Aber andererseits, N’ck sah zu Hry, manchmal zogen bei solchen Anwerbungen auch echte Sahnestücke ein. Es war noch gar nicht so lange her, da waren Hry und ein paar weitere aus einer anderen Kolonie herüber gekommen, freiwillig, ohne Werbung, weil sie zu viele Männern gehabt hatten und mehr Ausgleich benötigt hatten. Gut für beide Seiten, wenn jemand dann Lust hatte auf ein befristetes Abenteuer oder sogar eine neue Heimat. N’ck hoffte im Moment, dass es was längerfristiges werden würde. Er trottete Hry hinterher. Am Ende der Ackerfurche trampelten sie auf dem Stroh herum und ließen sich in den Schatten uralter Palmartiger Gewächse sinken, die schon so groß waren und schon so lange hier standen, dass man ihre Stämme nicht mehr alleine umarmen konnte. N’ck nahm sofort den Hut ab und rieb sich das Haar aus der Stirn hinter die hoch und spitz abstehenden Ohren, die unter dem Hut zum Vorschein kamen. Seine Nase zuckte, dann nieste er. Und dann erst ließ er sich neben Hry sinken. Der ungeniert ein paar der dicken, tiefroten Nussfrüchte aß.

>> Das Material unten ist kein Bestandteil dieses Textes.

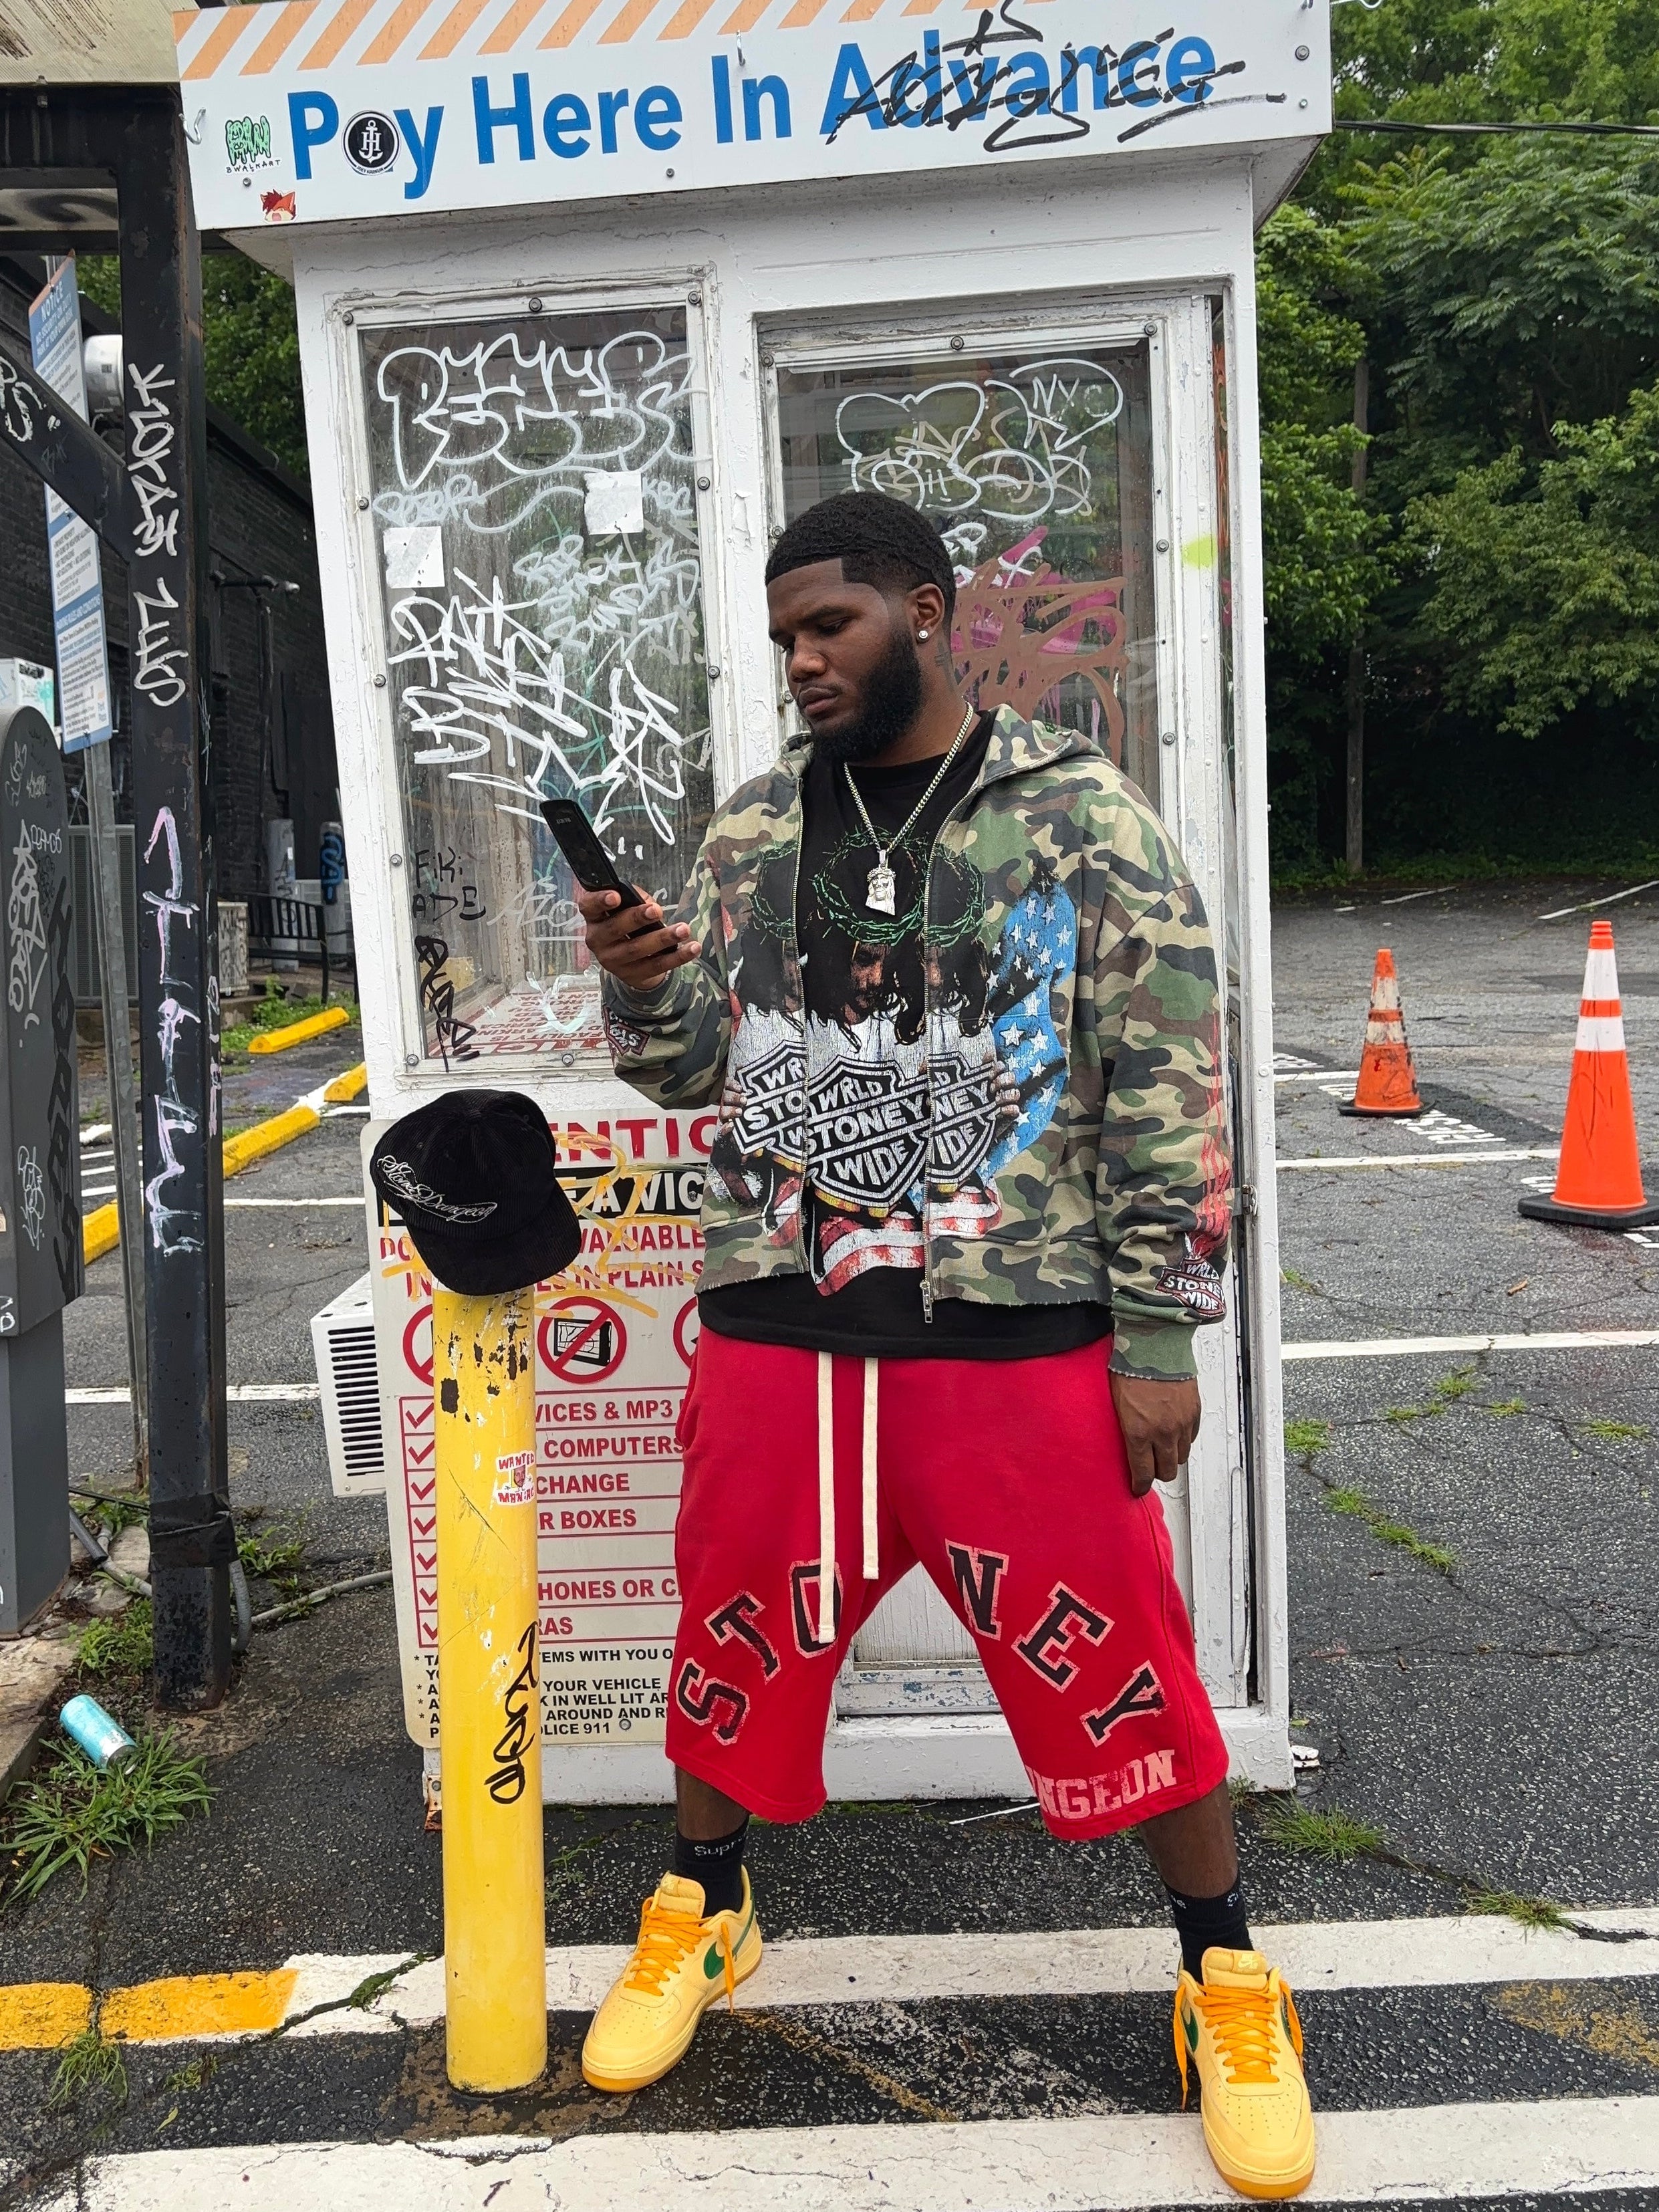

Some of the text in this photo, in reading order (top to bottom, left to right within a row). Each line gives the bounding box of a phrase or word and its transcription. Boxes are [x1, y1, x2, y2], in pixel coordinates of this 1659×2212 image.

„He!“, schimpfte N’ck und hieb dem anderen auf die Pfote. „Die sind für Mrc!“
„Ha!“, triumphierte Hry und lehnte sich mit dem Oberkörper zufrieden an den Baum, überschlug die Beine und klemmte einen Arm unter den Kopf: „Mrc also. Ich hatte gar nicht bemerkt, dass sie reif gewesen war.“
N’ck gab es auf. „War sie auch nicht beim Akt.“ Das war selten, Empfängnis hing oft von den Hormonen ab die beim monatlichen Akt herumschwirrten und viele Frauen gleichzeitig heiß werden ließ und somit die Chancen erhöhte. Aber Mrc hatte N’ck anvertraut, dass sie es erst danach mit ihrer Favoriten erzielt hatte und das war schon selten, weil die wenigsten von ihnen nur einen Favoriten hatten. Aber Mrc war anders. Sie mochte den Akt nicht. Was schade war, denn selbst N’ck hätte zu gerne einmal mit ihr ‚getanzt‘. Aber wenn sie nicht wollte, gezwungen wurde niemand in der Kolonie. Dennoch freute er sich aufrichtig für sie und hatte den ganzen Tag für sie auf dem Feld gestanden, damit sie für ihre Schwangerschaft und den Nachwuchs viele gute Nussfrüchte zu sich nehmen konnte. Hoffentlich ging sich das noch aus, bevor die Pflanzen verdorrten und zu viel Sonne sie braun werden ließ; bevor die Schrecken kamen und in ihrer jährlichen Wanderung alles kahl schlugen. Besser er würde noch einen Korb mehr pflücken für sie, damit sie sich noch einmal richtig satt essen konnte daran.
Hry seufzte zufrieden und zog ihn in seinen Arm. Es war zu heiß für so viel Nähe, aber verdammt, es war auch so schön. Eine Nussfrucht baumelte vor seiner Nase und verlockte allein durch ihren Duft und die Röte. N’ck schnappte zu und schmatzte zufrieden, sie war noch feldwarm. Hry schmunzelte: „Mein Naschkater.“ Was sollte N’ck da sagen, er war überführt.